**Task details**.
Reproduce each line of the listing exactly.
:: Task input ::
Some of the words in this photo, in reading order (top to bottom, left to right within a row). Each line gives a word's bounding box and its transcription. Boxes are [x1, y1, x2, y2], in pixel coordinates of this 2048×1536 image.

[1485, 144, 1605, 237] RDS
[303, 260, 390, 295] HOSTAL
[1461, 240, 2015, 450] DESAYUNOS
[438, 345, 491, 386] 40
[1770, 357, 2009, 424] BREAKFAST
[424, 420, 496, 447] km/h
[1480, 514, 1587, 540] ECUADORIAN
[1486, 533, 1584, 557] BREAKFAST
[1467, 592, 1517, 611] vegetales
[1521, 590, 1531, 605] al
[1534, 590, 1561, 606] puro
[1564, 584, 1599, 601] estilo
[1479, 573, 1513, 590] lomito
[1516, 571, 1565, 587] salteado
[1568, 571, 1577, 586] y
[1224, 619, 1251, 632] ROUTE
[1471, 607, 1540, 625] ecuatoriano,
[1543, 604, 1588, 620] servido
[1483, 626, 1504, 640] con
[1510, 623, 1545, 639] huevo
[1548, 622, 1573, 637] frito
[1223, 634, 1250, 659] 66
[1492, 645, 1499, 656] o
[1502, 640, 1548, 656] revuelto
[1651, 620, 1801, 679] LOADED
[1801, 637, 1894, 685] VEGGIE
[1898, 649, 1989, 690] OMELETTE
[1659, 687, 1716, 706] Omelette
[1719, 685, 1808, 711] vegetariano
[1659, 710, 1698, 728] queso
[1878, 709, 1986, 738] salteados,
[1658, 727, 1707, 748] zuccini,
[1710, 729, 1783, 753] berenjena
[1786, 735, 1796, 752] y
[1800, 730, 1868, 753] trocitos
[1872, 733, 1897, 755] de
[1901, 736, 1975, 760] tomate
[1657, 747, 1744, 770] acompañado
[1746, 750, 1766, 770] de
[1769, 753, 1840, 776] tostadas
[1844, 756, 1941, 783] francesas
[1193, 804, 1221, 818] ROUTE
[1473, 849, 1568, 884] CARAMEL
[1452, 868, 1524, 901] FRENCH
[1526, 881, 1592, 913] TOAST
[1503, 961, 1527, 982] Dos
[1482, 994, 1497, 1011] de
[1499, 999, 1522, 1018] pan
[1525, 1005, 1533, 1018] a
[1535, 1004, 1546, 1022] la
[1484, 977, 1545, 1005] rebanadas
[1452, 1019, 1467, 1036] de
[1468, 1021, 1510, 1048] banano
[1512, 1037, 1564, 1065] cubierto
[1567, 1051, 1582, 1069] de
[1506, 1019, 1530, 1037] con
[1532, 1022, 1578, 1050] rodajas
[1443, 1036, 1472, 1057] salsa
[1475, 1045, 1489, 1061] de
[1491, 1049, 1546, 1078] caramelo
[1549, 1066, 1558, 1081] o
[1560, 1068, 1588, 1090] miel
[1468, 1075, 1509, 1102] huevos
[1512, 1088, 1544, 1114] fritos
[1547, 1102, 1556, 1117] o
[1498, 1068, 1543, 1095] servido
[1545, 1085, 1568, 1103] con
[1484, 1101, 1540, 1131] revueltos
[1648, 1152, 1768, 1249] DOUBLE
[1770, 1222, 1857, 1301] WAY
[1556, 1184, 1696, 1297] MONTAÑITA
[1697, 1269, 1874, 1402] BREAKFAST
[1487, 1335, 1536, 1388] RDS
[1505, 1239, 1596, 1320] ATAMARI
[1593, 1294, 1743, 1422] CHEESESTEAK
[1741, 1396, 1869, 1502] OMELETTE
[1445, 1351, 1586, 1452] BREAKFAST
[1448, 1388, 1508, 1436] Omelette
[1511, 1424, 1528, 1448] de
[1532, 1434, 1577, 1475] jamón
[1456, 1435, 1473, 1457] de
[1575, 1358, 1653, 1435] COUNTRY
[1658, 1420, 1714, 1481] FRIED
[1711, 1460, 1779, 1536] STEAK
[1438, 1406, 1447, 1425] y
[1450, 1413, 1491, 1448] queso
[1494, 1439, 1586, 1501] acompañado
:::
**Task output**.
Some of the words in this photo, in reading order (top to bottom, left to right within a row). Each line gives a word's bounding box and its transcription. Boxes are [x1, y1, x2, y2], in pixel coordinates of this 2048×1536 image.

[1485, 144, 1605, 237] RDS
[303, 260, 390, 295] HOSTAL
[1461, 240, 2015, 450] DESAYUNOS
[438, 345, 491, 386] 40
[1770, 357, 2009, 424] BREAKFAST
[424, 420, 496, 447] km/h
[1480, 514, 1587, 540] ECUADORIAN
[1486, 533, 1584, 557] BREAKFAST
[1467, 592, 1517, 611] vegetales
[1521, 590, 1531, 605] al
[1534, 590, 1561, 606] puro
[1564, 584, 1599, 601] estilo
[1479, 573, 1513, 590] lomito
[1516, 571, 1565, 587] salteado
[1568, 571, 1577, 586] y
[1224, 619, 1251, 632] ROUTE
[1471, 607, 1540, 625] ecuatoriano,
[1543, 604, 1588, 620] servido
[1483, 626, 1504, 640] con
[1510, 623, 1545, 639] huevo
[1548, 622, 1573, 637] frito
[1223, 634, 1250, 659] 66
[1492, 645, 1499, 656] o
[1502, 640, 1548, 656] revuelto
[1651, 620, 1801, 679] LOADED
[1801, 637, 1894, 685] VEGGIE
[1898, 649, 1989, 690] OMELETTE
[1659, 687, 1716, 706] Omelette
[1719, 685, 1808, 711] vegetariano
[1659, 710, 1698, 728] queso
[1878, 709, 1986, 738] salteados,
[1658, 727, 1707, 748] zuccini,
[1710, 729, 1783, 753] berenjena
[1786, 735, 1796, 752] y
[1800, 730, 1868, 753] trocitos
[1872, 733, 1897, 755] de
[1901, 736, 1975, 760] tomate
[1657, 747, 1744, 770] acompañado
[1746, 750, 1766, 770] de
[1769, 753, 1840, 776] tostadas
[1844, 756, 1941, 783] francesas
[1193, 804, 1221, 818] ROUTE
[1473, 849, 1568, 884] CARAMEL
[1452, 868, 1524, 901] FRENCH
[1526, 881, 1592, 913] TOAST
[1503, 961, 1527, 982] Dos
[1482, 994, 1497, 1011] de
[1499, 999, 1522, 1018] pan
[1525, 1005, 1533, 1018] a
[1535, 1004, 1546, 1022] la
[1484, 977, 1545, 1005] rebanadas
[1452, 1019, 1467, 1036] de
[1468, 1021, 1510, 1048] banano
[1512, 1037, 1564, 1065] cubierto
[1567, 1051, 1582, 1069] de
[1506, 1019, 1530, 1037] con
[1532, 1022, 1578, 1050] rodajas
[1443, 1036, 1472, 1057] salsa
[1475, 1045, 1489, 1061] de
[1491, 1049, 1546, 1078] caramelo
[1549, 1066, 1558, 1081] o
[1560, 1068, 1588, 1090] miel
[1468, 1075, 1509, 1102] huevos
[1512, 1088, 1544, 1114] fritos
[1547, 1102, 1556, 1117] o
[1498, 1068, 1543, 1095] servido
[1545, 1085, 1568, 1103] con
[1484, 1101, 1540, 1131] revueltos
[1648, 1152, 1768, 1249] DOUBLE
[1770, 1222, 1857, 1301] WAY
[1556, 1184, 1696, 1297] MONTAÑITA
[1697, 1269, 1874, 1402] BREAKFAST
[1487, 1335, 1536, 1388] RDS
[1505, 1239, 1596, 1320] ATAMARI
[1593, 1294, 1743, 1422] CHEESESTEAK
[1741, 1396, 1869, 1502] OMELETTE
[1445, 1351, 1586, 1452] BREAKFAST
[1448, 1388, 1508, 1436] Omelette
[1511, 1424, 1528, 1448] de
[1532, 1434, 1577, 1475] jamón
[1456, 1435, 1473, 1457] de
[1575, 1358, 1653, 1435] COUNTRY
[1658, 1420, 1714, 1481] FRIED
[1711, 1460, 1779, 1536] STEAK
[1438, 1406, 1447, 1425] y
[1450, 1413, 1491, 1448] queso
[1494, 1439, 1586, 1501] acompañado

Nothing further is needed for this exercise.